Lula convoca o povo do semiárido para ir às ruas
Principal convidado do ato “Semiárido contra o golpe, sem nenhum direito a menos” promovido em Petrolina, no sertão, pela Articulação do Semiárido Brasileiro (ASA) e a Frente Brasil Popular, o ex-presidente Luiz Inácio Lula da Silva registrou em sua fala, na noite de ontem, a importância da região para o país. Lula contou do susto que levou quando numa reunião com o bispo de Afogados da Ingazeira, no sertão do Pajeú pernambucano, ouviu dos técnicos da ASA que tinha em sua pauta a construção de 1 milhão de cisternas na região seca que faz parte de quase todo o Nordeste e uma parte de Minas Gerais.
“Mas 1 milhão?”, questionou Lula na época. Ele disse que para ser possível se alcançar esse número, tinha que ter o apoio do Estado. “E foi assim que chegamos hoje a mais de 1 milhão 200 mil cisternas para que o homem e a mulher do semiárido nordestino pudesse ter água para plantar o desenvolvimento e promover o crescimento local. Não vamos permitir que tirem direitos conquistados com muita luta como esse”, enfatizou.
O ex-presidente conseguiu reunir cerca de 20 mil pessoas no ato em defesa da democracia e frisou que essa luta é sem parar. “Tiraram a presidente Dilma, que não cometeu crime nenhum, e colocaram no governo pessoas investigadas e que já sabemos como governam, sem olhar os mais pobres”.

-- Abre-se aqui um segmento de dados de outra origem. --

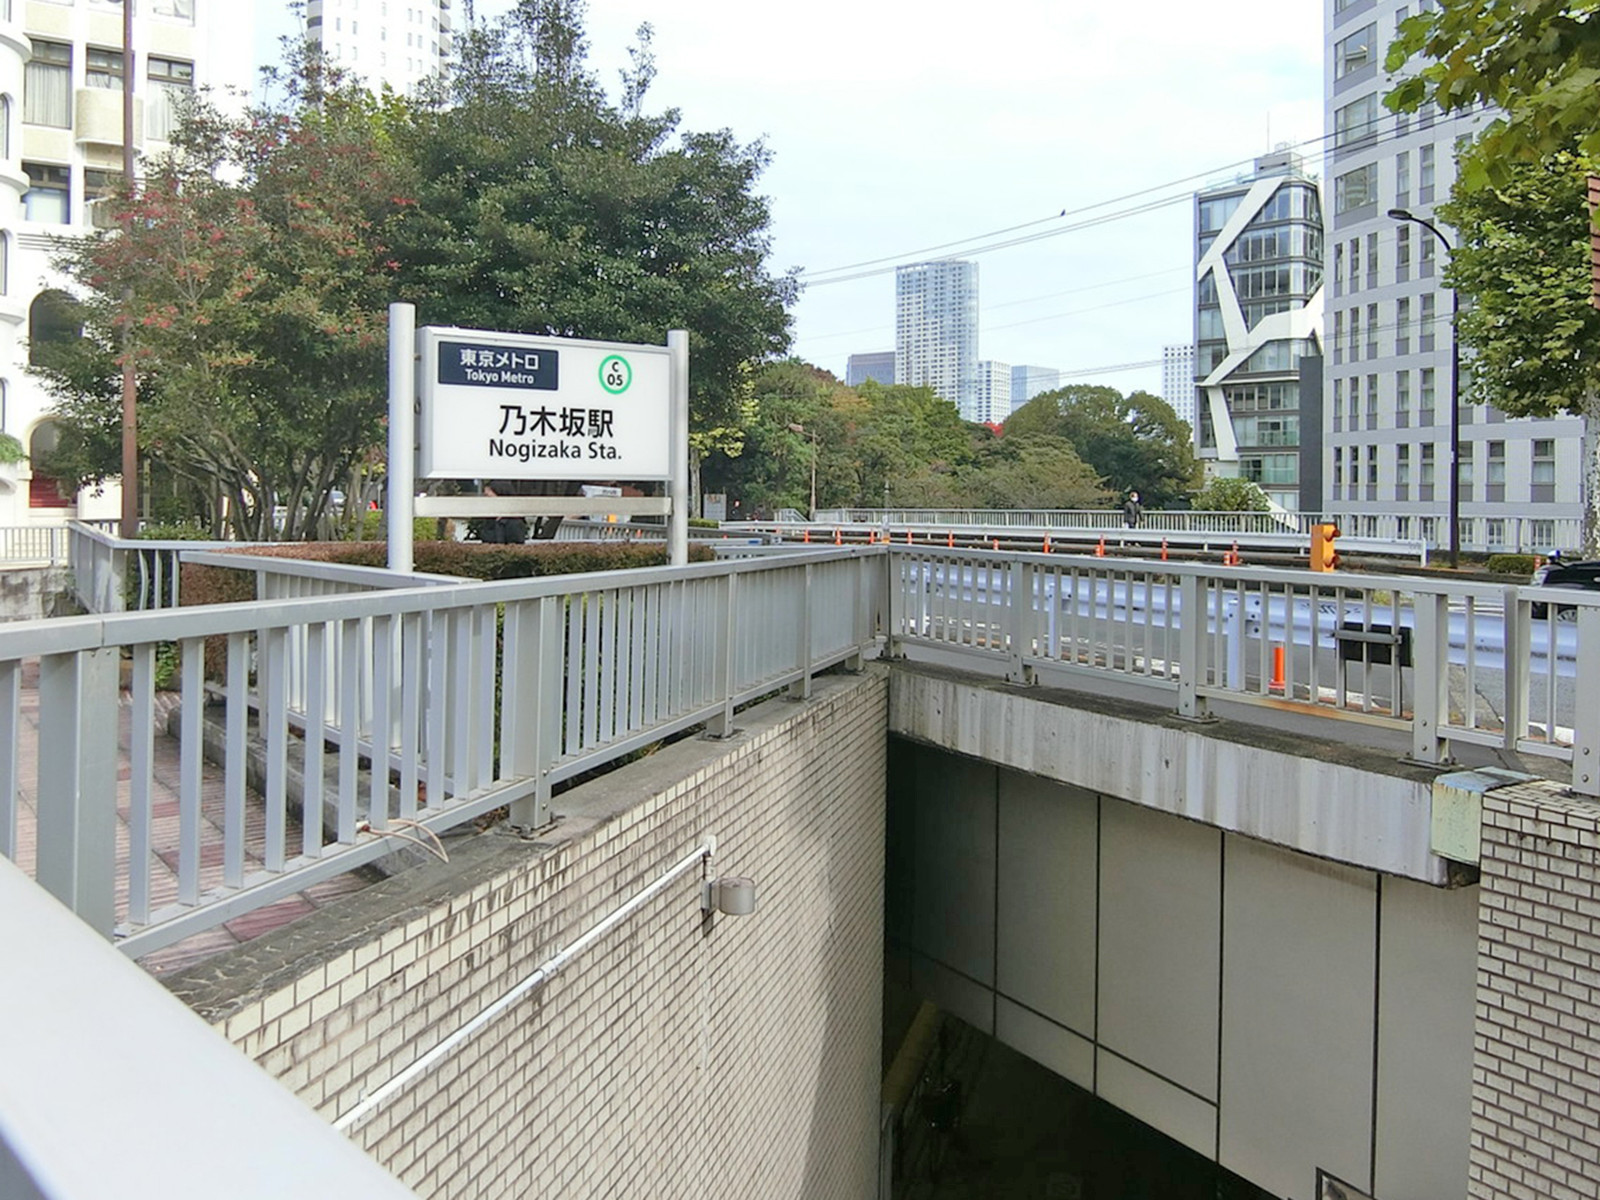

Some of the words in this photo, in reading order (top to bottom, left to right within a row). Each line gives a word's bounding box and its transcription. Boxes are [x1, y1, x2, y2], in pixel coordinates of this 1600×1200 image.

[460, 348, 539, 370] 東京メトロ
[611, 361, 619, 372] C
[465, 368, 498, 384] Tokyo
[501, 371, 534, 384] Metro
[607, 374, 623, 387] 05
[499, 405, 614, 438] 乃木坂駅
[489, 439, 581, 462] Nogizaka
[588, 442, 622, 460] Sta.

Falando em nome do PT, o deputado estadual e pré-candidato a prefeito de Petrolina, Odacy Amorim, frisou que Lula trabalhou para fazer um Nordeste e um semiárido diferentes. Ele iniciou sua fala pedir uma salva de palmas para a ex-deputada Isabel Cristina. “Enaltecemos o trabalho da Frente Brasil Popular aqui de Petrolina e da ASA na condução dessa programação. Temos aqui a presença de um presidente com cheiro de povo para defender as conquistas sociais do povo do sertão”, destacou Odacy.
Acompanharam Lula em Petrolina, os deputados Sílvio Costa (PTdoB), Luciana Santos (PCdoB), o senador Humberto Costa (PT), entre outras lideranças de vários municípios do Sertão pernambucano.